Veegwet wonen
Reactie
Naam
|
Regioplatform Woningcorporaties Utrecht (Voorzitter M.J. Zeeman)
|
Plaats
|
Utrecht
|
Datum
|
21 december 2015
|
Vraag1
Wat is uw reactie op de voorgestelde wijzigingen in de Woningwet?
Wij steunen de hoofdlijn van de nieuwe Woningwet. De uitwerking is op veel punten wel te gedetailleerd (zie reactie op vraag 2). Een ander punt van zorg is dat het departement van BZK en de nieuwe Autoriteit in de afgelopen periode nogal eens verschillende signalen afgeven over de interpretatie van wetsartikelen en uitvoeringsregelingen. Dat creëert bij ons onnodige onzekerheid. Voor de rechtszekerheid en rechtmatigheid vinden wij het van groot belang dat wetgever en toezichthouder volstrekt op één lijn zitten als het gaat om uitleg en toepassing van de regels.

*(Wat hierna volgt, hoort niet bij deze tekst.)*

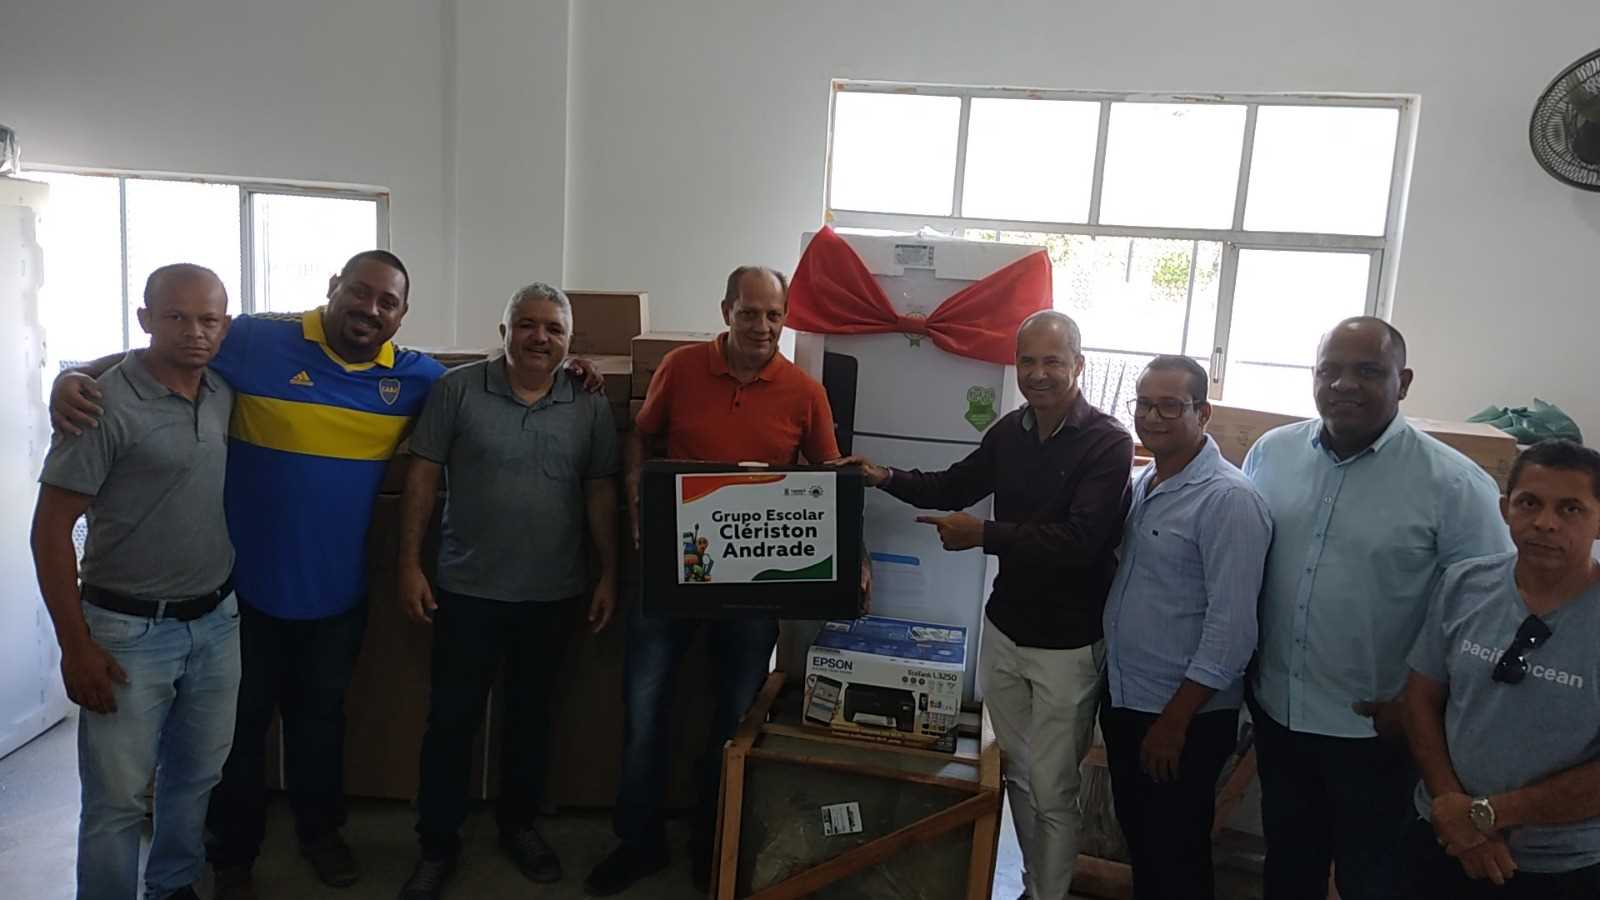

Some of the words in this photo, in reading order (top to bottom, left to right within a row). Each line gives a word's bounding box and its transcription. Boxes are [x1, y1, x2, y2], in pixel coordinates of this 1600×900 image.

[712, 510, 762, 524] Grupo
[766, 509, 825, 522] Escolar
[719, 522, 818, 540] Clériston
[722, 541, 816, 558] Andrade
[1460, 639, 1505, 664] pacif
[812, 655, 853, 671] EPSON
[933, 672, 958, 682] L3250
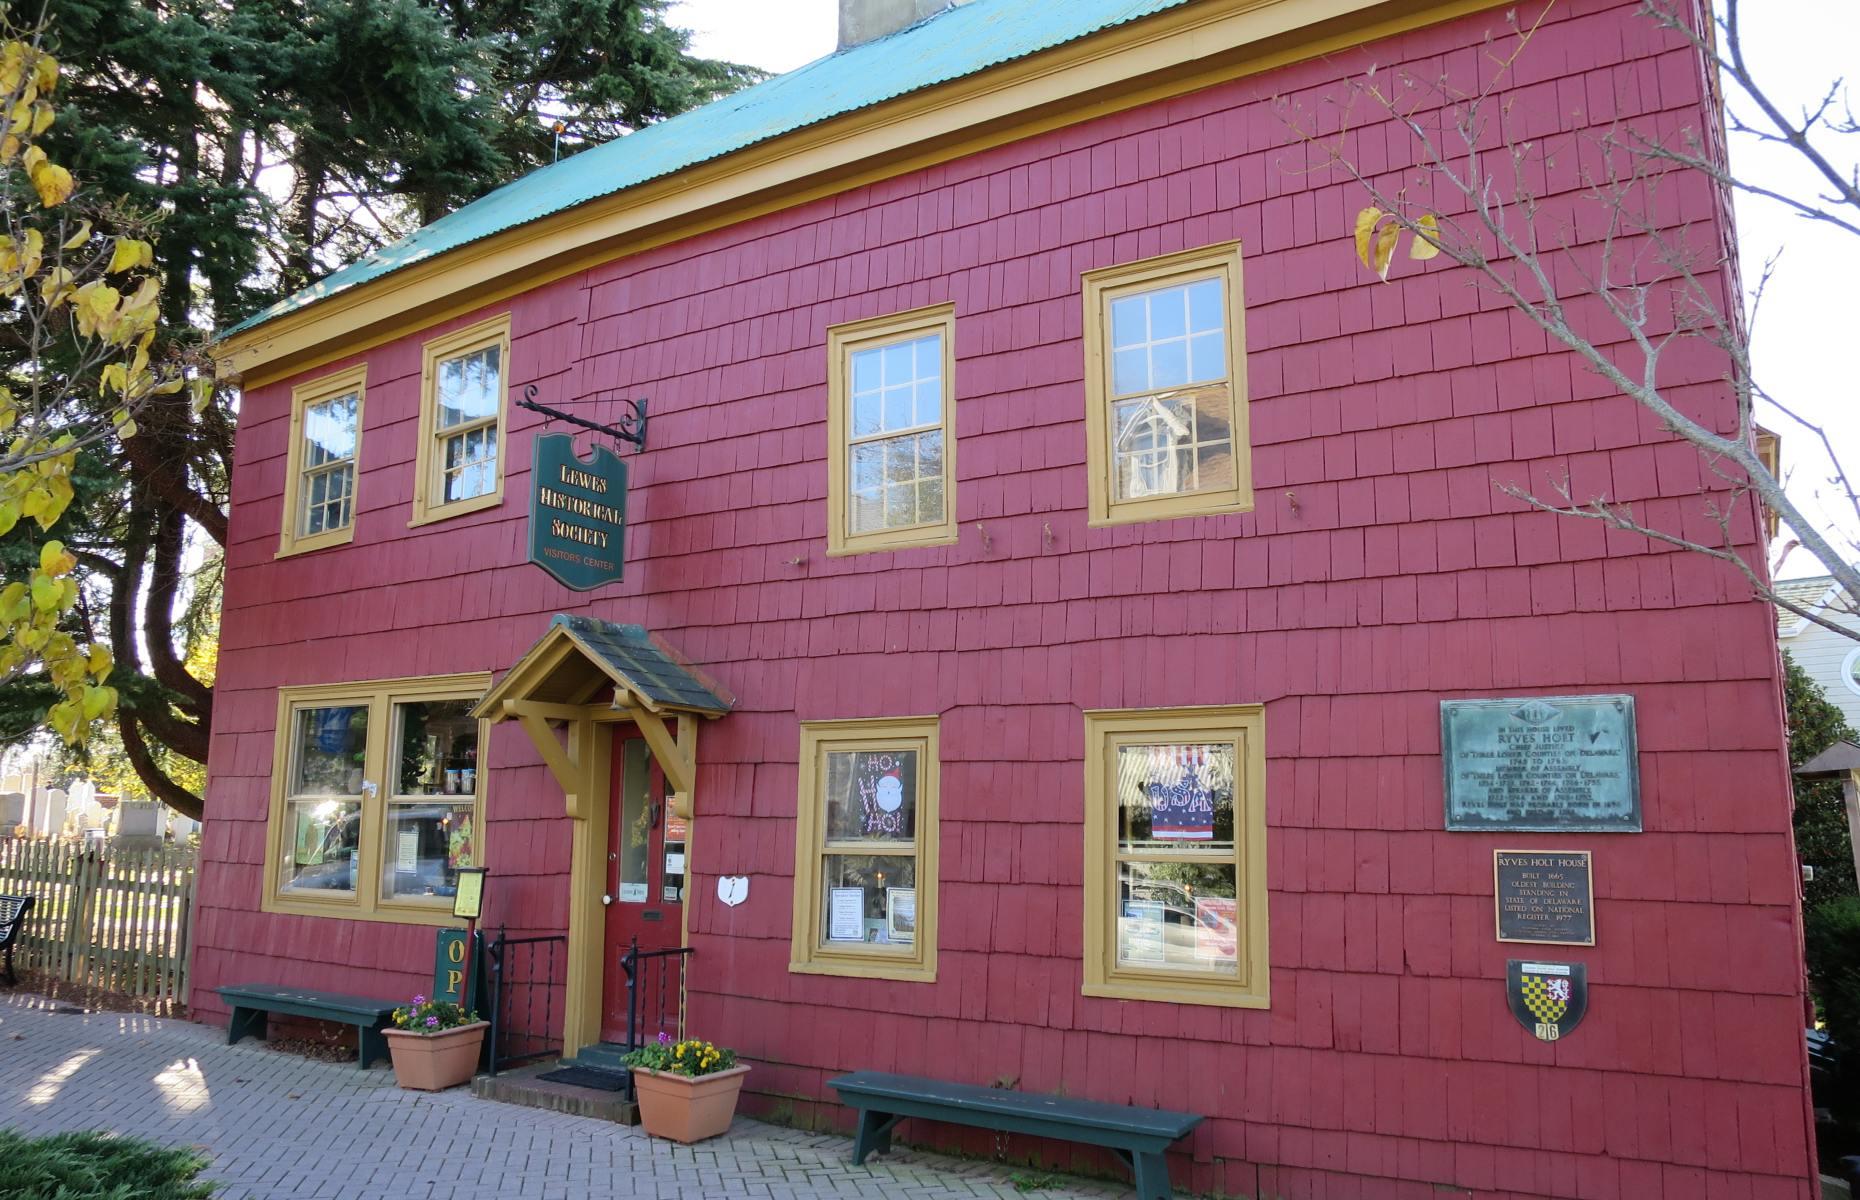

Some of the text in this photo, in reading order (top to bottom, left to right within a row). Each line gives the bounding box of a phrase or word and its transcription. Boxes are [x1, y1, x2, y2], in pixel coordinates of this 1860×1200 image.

[560, 464, 607, 494] LEWES
[540, 487, 622, 525] HISTORICAL
[552, 518, 608, 548] SOCIETY
[544, 547, 615, 571] VISITORS CENTER
[1498, 733, 1575, 744] RYVES HOLT
[868, 754, 892, 771] HO
[1151, 779, 1212, 812] USA
[1499, 858, 1587, 867] RYVES HOLT HOUSE
[1542, 881, 1575, 889] BUILDING
[447, 939, 466, 1009] OP

Wat betreft de inhoud van de Veegwet het volgende. Wij waarderen het dat de mogelijkheden voor onderlinge dienstverlening tussen de corporaties zijn verruimd. Daardoor kunnen corporaties meer van elkaars deskundigheid en kennis profiteren en tot uitwisseling komen.

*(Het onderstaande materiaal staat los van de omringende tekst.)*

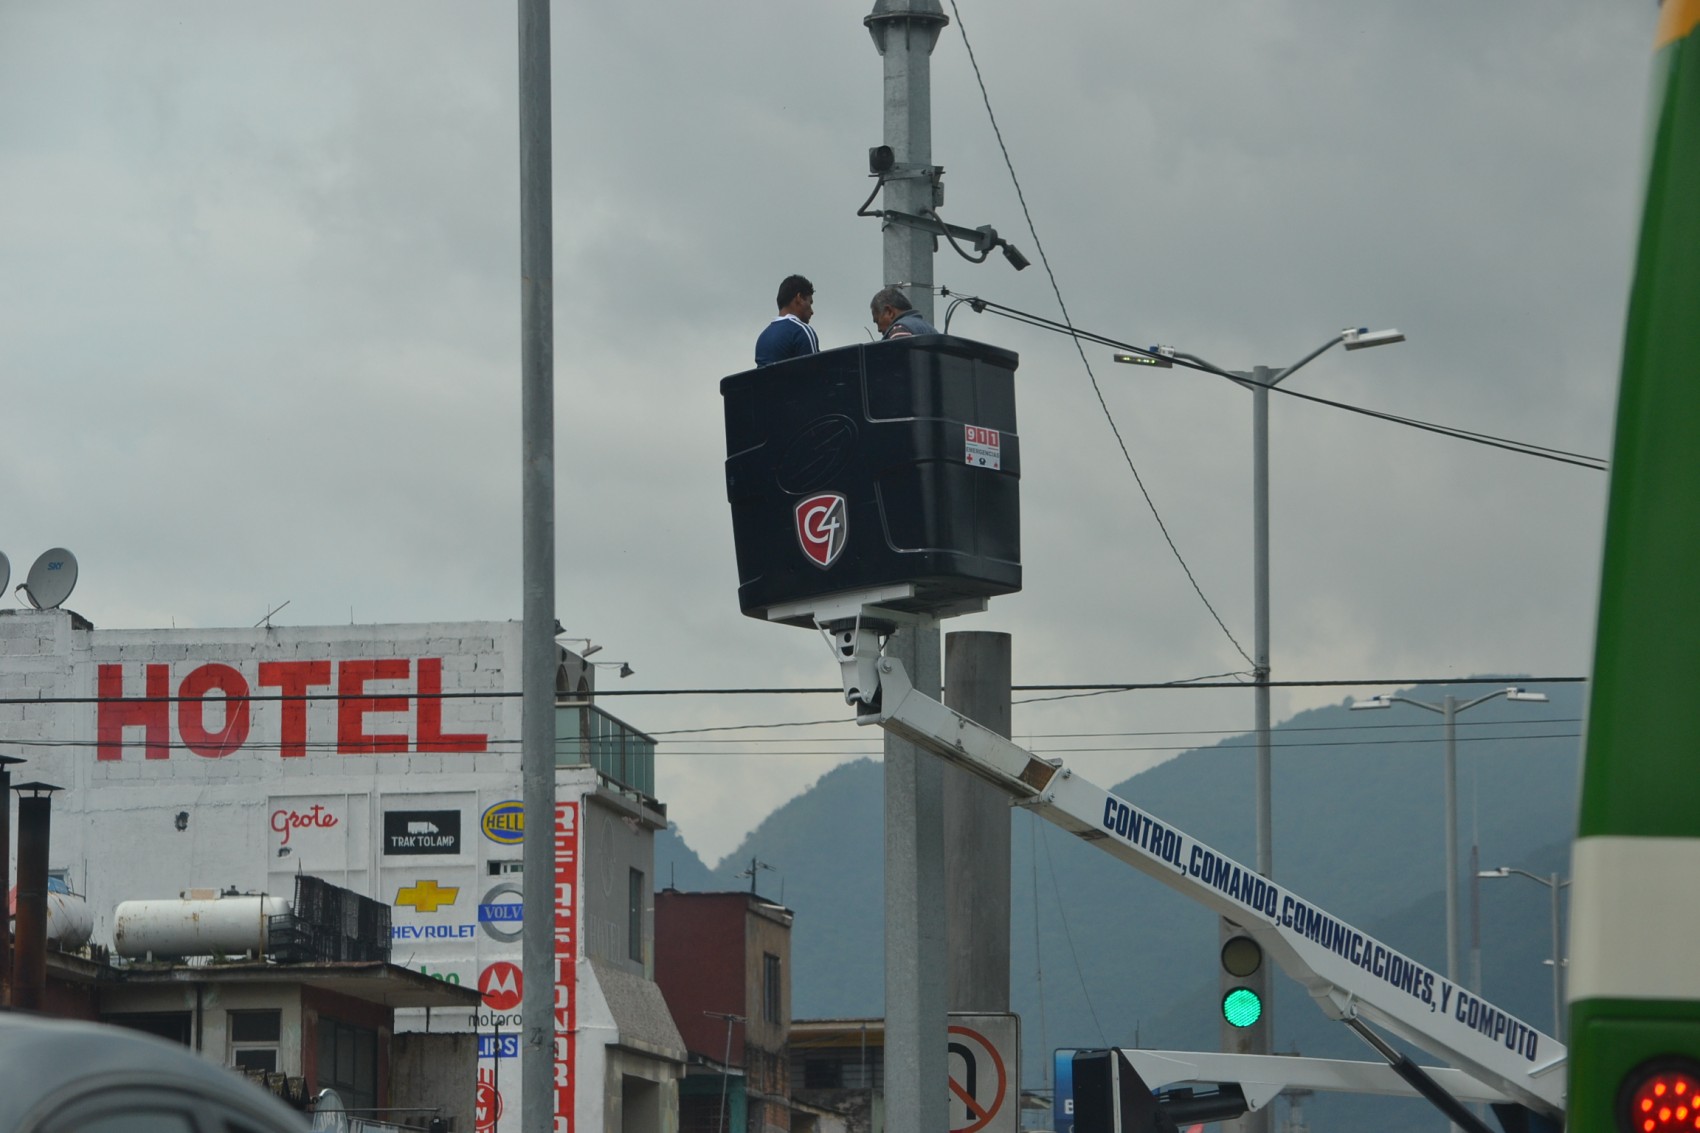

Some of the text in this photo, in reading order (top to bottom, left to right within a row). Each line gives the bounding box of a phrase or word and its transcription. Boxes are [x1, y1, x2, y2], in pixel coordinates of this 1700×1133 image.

[967, 428, 997, 446] 911
[47, 562, 63, 570] SKY
[97, 657, 488, 761] HOTEL
[271, 804, 339, 845] Grote
[1103, 797, 1539, 1062] CONTROL, COMANDO, COMUNICACIONES, Y COMPUTO

Wij vragen ons echter wel af waarom die dienstverlening persé moet worden geregeld in de vorm van een vof of een cv. Middelen blijven immers binnen de corporatiesector en van oneigenlijke concurrentie is geen sprake. Wij zouden wat betreft de Vve’s ook graag geregeld zien dat onderhoudswerkzaamheden door de corporatie voor eigenaren en aan de gemeenschappelijke delen van de Vve’s worden toegestaan. Dat knelt nu.

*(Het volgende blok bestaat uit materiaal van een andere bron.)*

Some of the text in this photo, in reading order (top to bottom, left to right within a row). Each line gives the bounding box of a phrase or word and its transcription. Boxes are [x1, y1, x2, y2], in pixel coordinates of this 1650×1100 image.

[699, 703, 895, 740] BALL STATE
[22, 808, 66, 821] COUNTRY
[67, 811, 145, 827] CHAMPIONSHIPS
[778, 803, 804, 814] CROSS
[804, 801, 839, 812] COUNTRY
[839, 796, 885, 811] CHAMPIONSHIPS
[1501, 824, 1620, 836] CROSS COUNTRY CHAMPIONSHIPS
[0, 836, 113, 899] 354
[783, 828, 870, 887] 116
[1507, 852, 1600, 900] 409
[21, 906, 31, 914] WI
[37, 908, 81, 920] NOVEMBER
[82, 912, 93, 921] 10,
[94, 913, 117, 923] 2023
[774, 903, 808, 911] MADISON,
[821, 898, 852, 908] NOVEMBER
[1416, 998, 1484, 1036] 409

Een van de belangrijkste knelpunten voor ons is de toepassing van de €125 per vhe voor leefbaarheid. De minister heeft tot nu toe aangegeven dat alle personeelslasten die ook maar iets te maken hebben met leefbaarheid dienen te worden toegerekend aan de €125. Enkel de kosten die via de servicekosten bij huurders in rekening worden gebracht vallen niet onder die € 125. Wij vinden dat veel te beperkt en bovendien betekent het verder uitsplitsen van de personeelslasten een onnodige extra administratieve last.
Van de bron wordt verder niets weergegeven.